Requirement: Write out exactly the lines that run from the one containing "this 1200×1600 image." to the end of the entries below, with both end lines included.
** Material supplied follows **
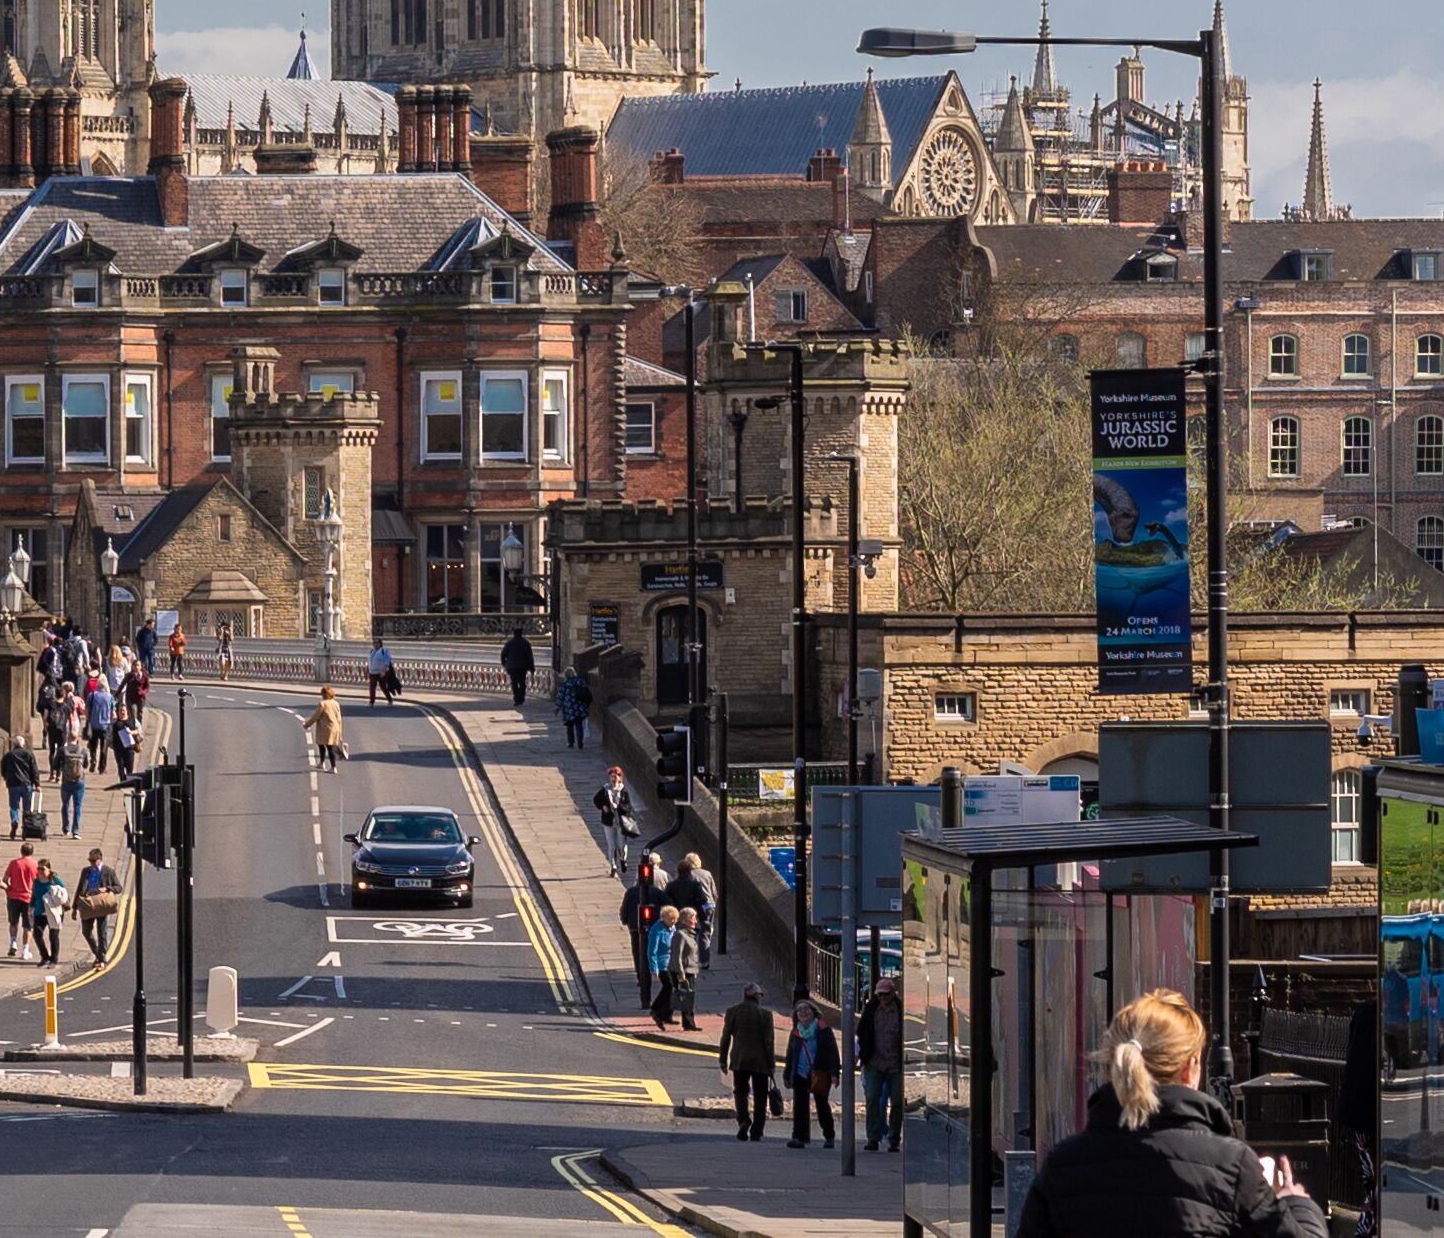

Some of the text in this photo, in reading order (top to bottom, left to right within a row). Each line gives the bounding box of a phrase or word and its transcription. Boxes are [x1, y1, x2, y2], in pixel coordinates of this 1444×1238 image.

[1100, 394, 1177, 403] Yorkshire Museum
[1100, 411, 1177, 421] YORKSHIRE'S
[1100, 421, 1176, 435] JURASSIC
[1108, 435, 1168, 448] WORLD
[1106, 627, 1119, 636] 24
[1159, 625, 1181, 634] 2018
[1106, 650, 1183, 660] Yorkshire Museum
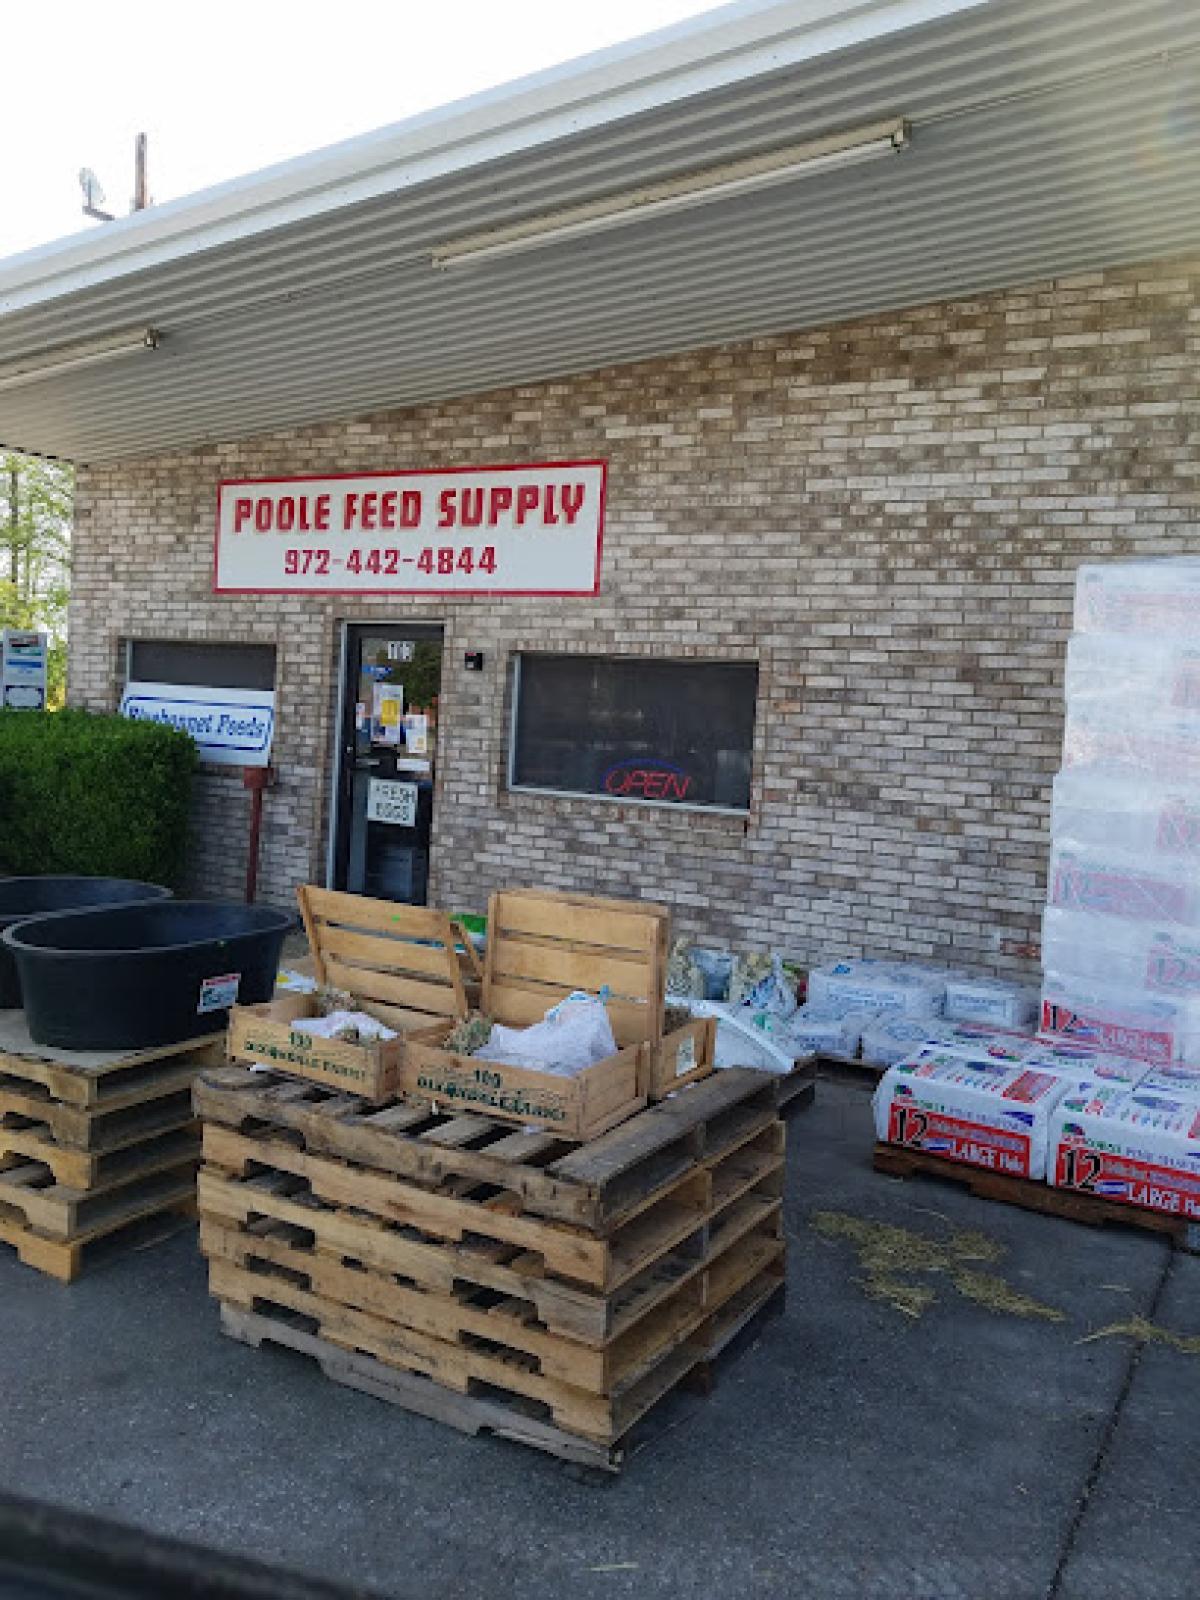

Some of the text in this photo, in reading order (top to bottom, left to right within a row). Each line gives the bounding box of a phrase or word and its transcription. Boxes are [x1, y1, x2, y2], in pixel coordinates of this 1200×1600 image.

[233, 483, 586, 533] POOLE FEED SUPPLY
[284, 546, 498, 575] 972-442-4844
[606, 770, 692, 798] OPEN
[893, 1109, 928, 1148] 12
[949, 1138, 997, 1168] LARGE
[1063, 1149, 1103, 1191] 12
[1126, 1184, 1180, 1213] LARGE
** End of Material supplied **
Written answer:
Some of the text in this photo, in reading order (top to bottom, left to right within a row). Each line gives the bounding box of a phrase or word and its transcription. Boxes are [x1, y1, x2, y2], in pixel coordinates of this 1200×1600 image.

[233, 483, 586, 533] POOLE FEED SUPPLY
[284, 546, 498, 575] 972-442-4844
[606, 770, 692, 798] OPEN
[893, 1109, 928, 1148] 12
[949, 1138, 997, 1168] LARGE
[1063, 1149, 1103, 1191] 12
[1126, 1184, 1180, 1213] LARGE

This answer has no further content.